▶ EXERCISE OBJECTIVE: Restate each record word for word, omitting whatever pictures it holds.

(Stored entries)
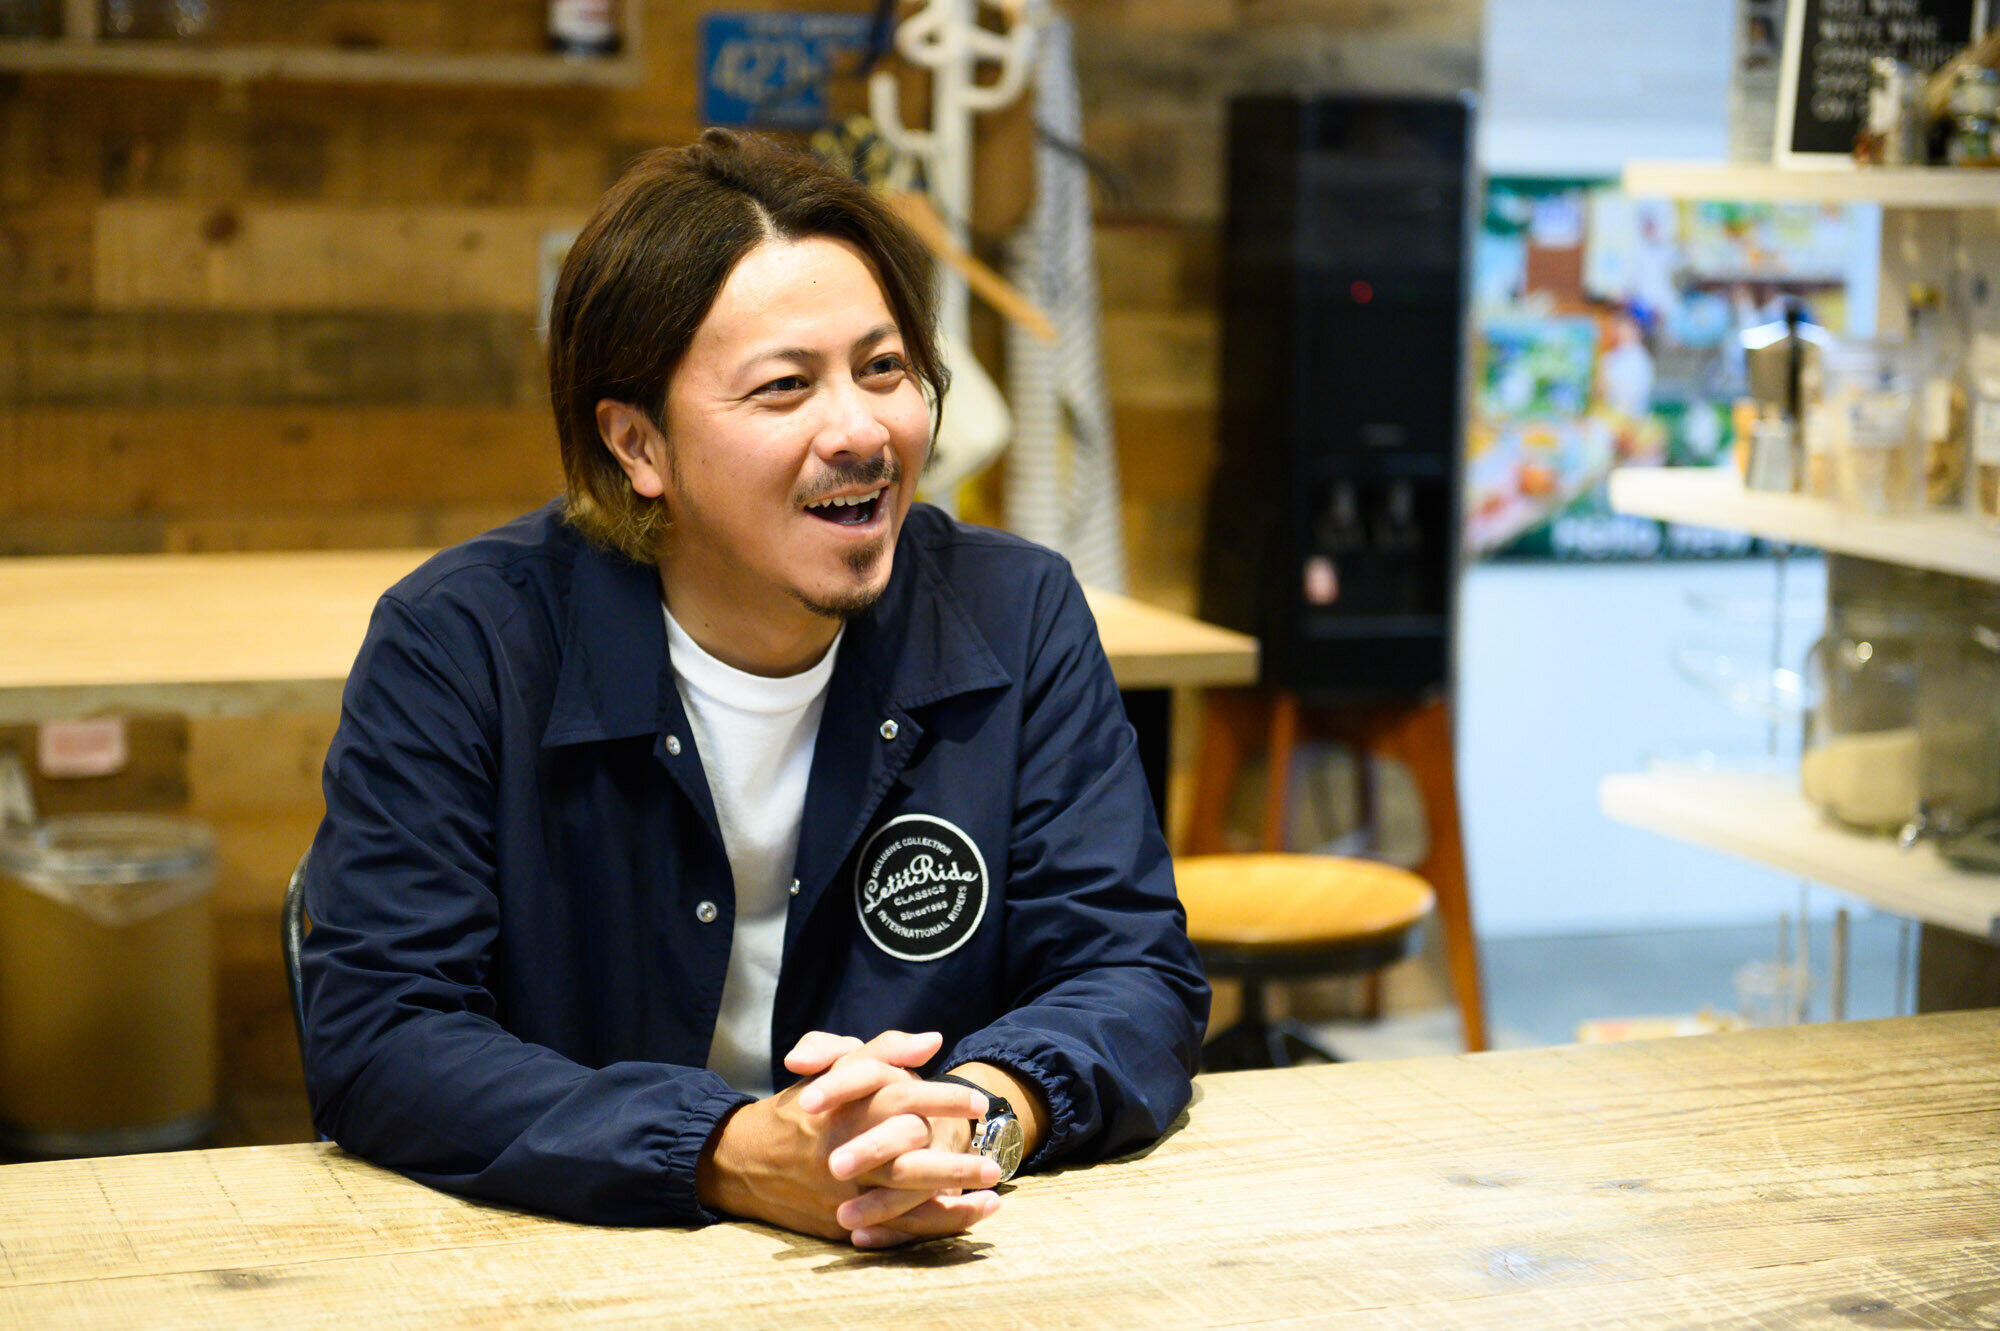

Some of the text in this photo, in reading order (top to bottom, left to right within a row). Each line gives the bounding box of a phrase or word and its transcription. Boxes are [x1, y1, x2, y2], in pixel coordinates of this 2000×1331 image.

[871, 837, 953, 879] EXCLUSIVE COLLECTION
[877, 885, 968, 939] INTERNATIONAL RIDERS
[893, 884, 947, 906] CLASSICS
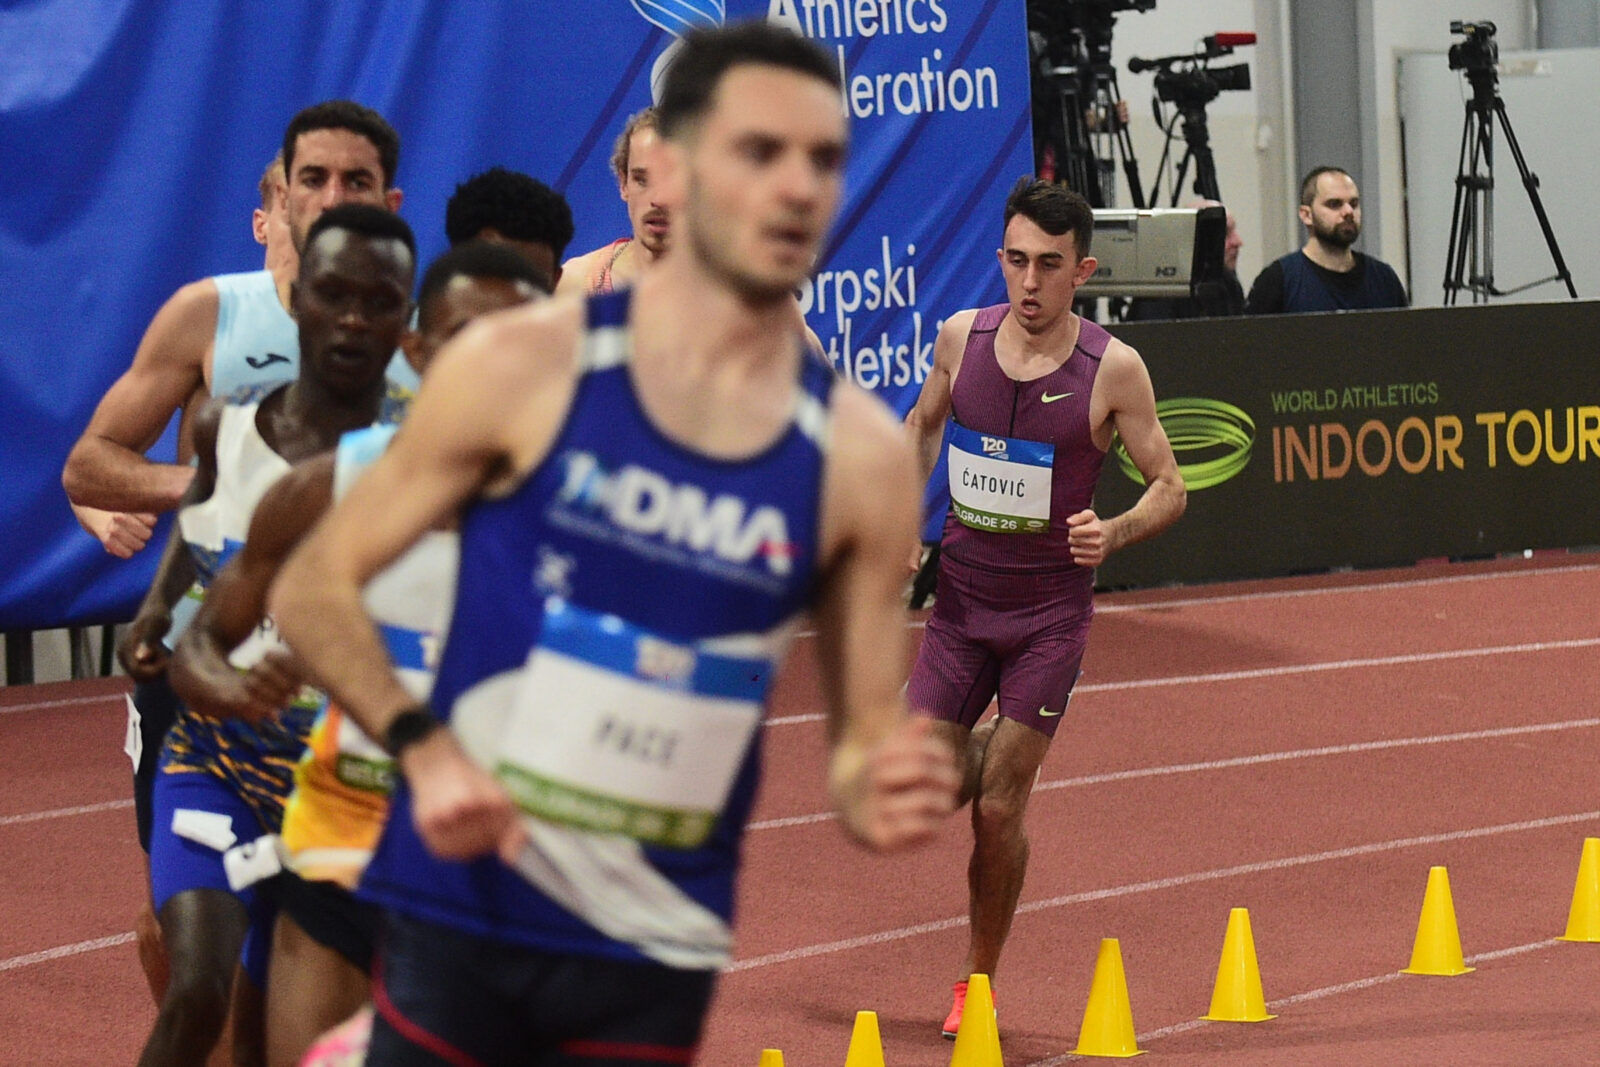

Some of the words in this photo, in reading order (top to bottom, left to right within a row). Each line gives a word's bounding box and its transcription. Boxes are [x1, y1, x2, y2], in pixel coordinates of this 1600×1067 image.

▶ RESULT:
Some of the text in this photo, in reading order (top to bottom, left to right within a row). Each line gives the bounding box of a phrase or word and its transcription. Boxes are [x1, y1, x2, y2], in pixel coordinates of this 2000×1331 image.

[871, 837, 953, 879] EXCLUSIVE COLLECTION
[877, 885, 968, 939] INTERNATIONAL RIDERS
[893, 884, 947, 906] CLASSICS

Some of the words in this photo, in reading order (top to bottom, left to right within a row). Each line gives a word's bounding box and its transcription. Boxes are [x1, y1, x2, y2], in pixel coordinates of this 1600×1067 image.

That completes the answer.